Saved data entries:
____________
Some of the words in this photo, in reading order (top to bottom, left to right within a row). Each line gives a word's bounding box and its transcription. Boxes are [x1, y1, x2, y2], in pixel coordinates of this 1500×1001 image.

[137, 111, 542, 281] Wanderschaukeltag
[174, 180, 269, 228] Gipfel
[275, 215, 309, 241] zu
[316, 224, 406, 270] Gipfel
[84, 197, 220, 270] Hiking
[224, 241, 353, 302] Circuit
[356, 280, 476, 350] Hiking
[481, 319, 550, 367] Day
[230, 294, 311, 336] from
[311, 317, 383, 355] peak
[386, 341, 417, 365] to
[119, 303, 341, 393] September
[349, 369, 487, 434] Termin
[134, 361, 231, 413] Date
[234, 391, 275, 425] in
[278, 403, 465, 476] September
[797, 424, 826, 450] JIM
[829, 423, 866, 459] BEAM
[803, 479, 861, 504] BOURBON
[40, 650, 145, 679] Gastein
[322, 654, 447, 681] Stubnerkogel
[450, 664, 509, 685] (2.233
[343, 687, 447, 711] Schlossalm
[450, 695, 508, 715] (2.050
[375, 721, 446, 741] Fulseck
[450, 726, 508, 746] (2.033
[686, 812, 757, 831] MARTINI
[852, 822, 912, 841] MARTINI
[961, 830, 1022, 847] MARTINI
____________
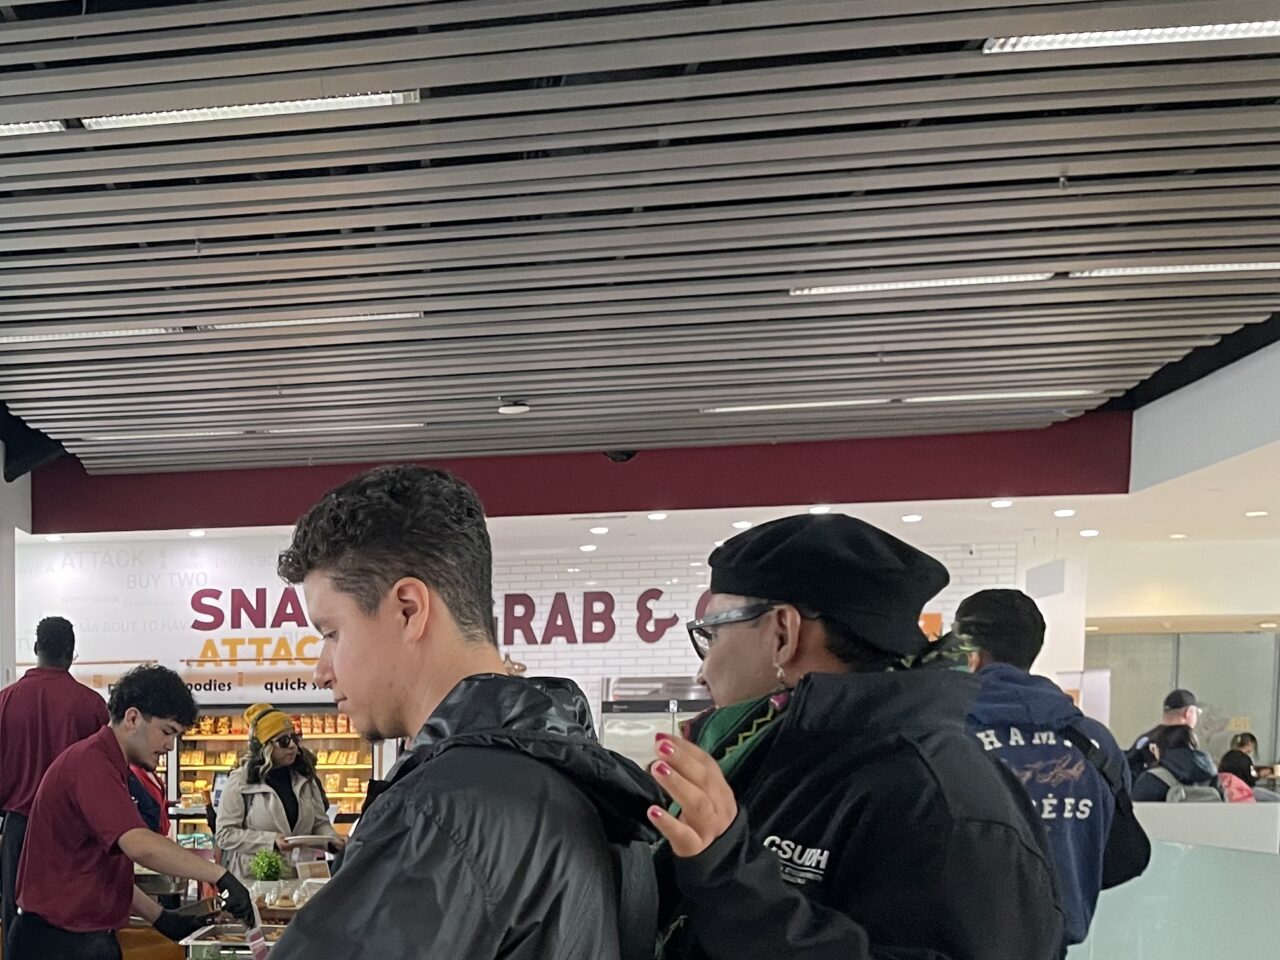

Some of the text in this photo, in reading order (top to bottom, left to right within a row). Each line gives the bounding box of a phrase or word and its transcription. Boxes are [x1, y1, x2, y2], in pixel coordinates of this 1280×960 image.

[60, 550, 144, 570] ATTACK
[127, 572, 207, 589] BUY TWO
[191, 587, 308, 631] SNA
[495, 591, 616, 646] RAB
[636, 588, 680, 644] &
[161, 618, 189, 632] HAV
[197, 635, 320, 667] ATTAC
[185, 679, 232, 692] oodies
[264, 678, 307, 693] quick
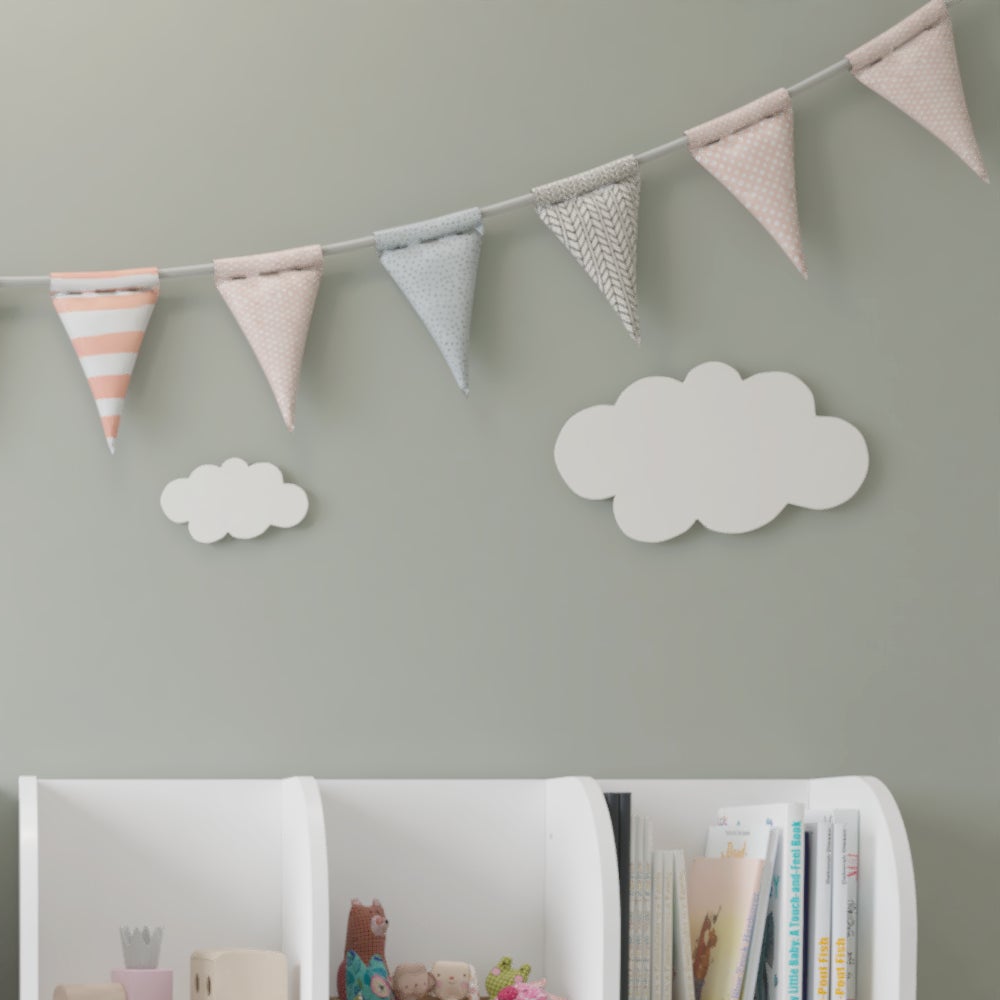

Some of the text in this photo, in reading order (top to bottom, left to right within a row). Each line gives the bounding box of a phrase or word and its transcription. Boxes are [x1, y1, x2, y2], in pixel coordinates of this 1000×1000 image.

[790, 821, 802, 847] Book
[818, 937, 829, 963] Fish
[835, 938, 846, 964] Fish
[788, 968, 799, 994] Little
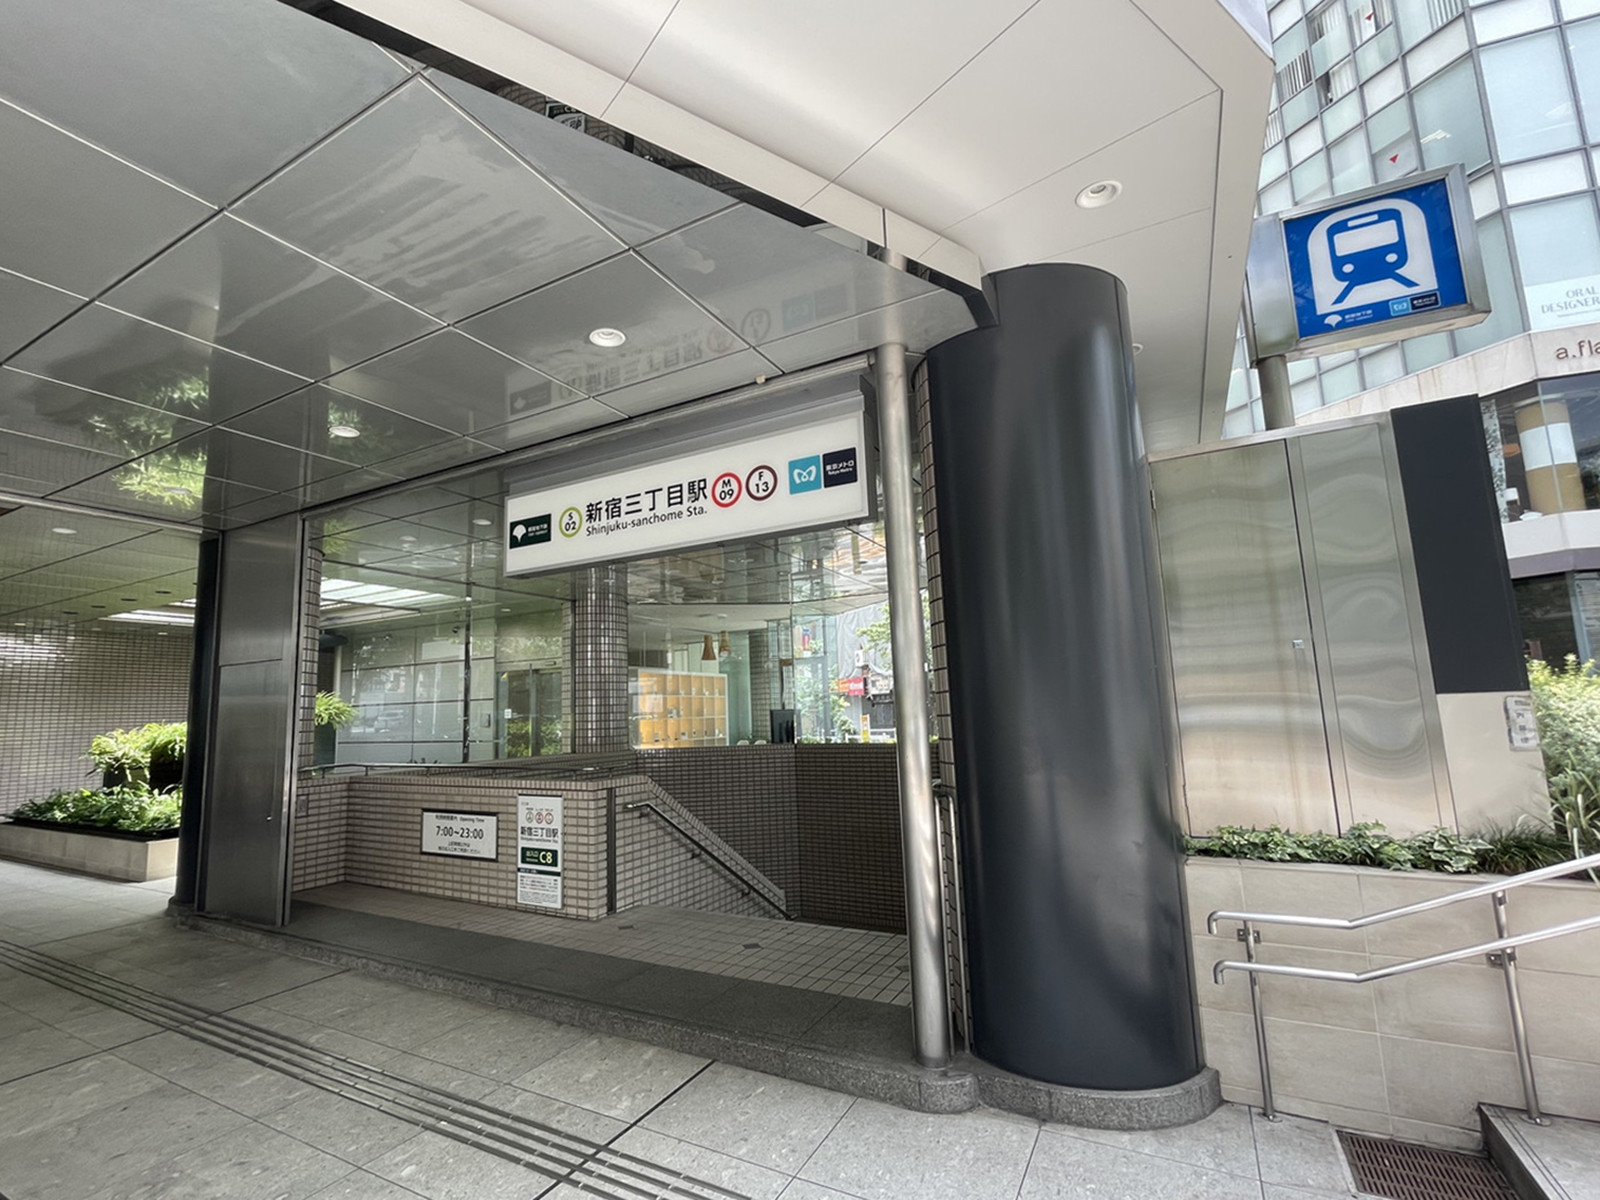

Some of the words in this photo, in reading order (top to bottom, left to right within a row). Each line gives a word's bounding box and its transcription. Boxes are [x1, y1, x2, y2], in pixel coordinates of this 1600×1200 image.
____________
__INSTRUCTIONS FOR THE TASK__. Give back exactly the lines above that run from the one with "this 1280×960 image." to the one with "this 1600×1200 image.", including both, with the pictures left out.

__RESPONSE TO THIS EXERCISE__.
Some of the text in this photo, in reading order (top to bottom, left to right within a row). Each line gives the bounding box of a phrase or word and its transcription. Boxes are [x1, y1, x2, y2], in pixel coordinates of this 1280×960 image.

[60, 550, 144, 570] ATTACK
[127, 572, 207, 589] BUY TWO
[191, 587, 308, 631] SNA
[495, 591, 616, 646] RAB
[636, 588, 680, 644] &
[161, 618, 189, 632] HAV
[197, 635, 320, 667] ATTAC
[185, 679, 232, 692] oodies
[264, 678, 307, 693] quick

Some of the text in this photo, in reading order (top to bottom, left to right within a row). Each line gives the bounding box of a phrase or word and its transcription. Boxes are [x1, y1, x2, y2], in pixel coordinates of this 1000×1000 image.

[790, 821, 802, 847] Book
[818, 937, 829, 963] Fish
[835, 938, 846, 964] Fish
[788, 968, 799, 994] Little

Some of the words in this photo, in reading order (top to bottom, left to right within a row). Each line gives a word's bounding box and its transcription. Boxes are [x1, y1, x2, y2], in pixel coordinates of this 1600×1200 image.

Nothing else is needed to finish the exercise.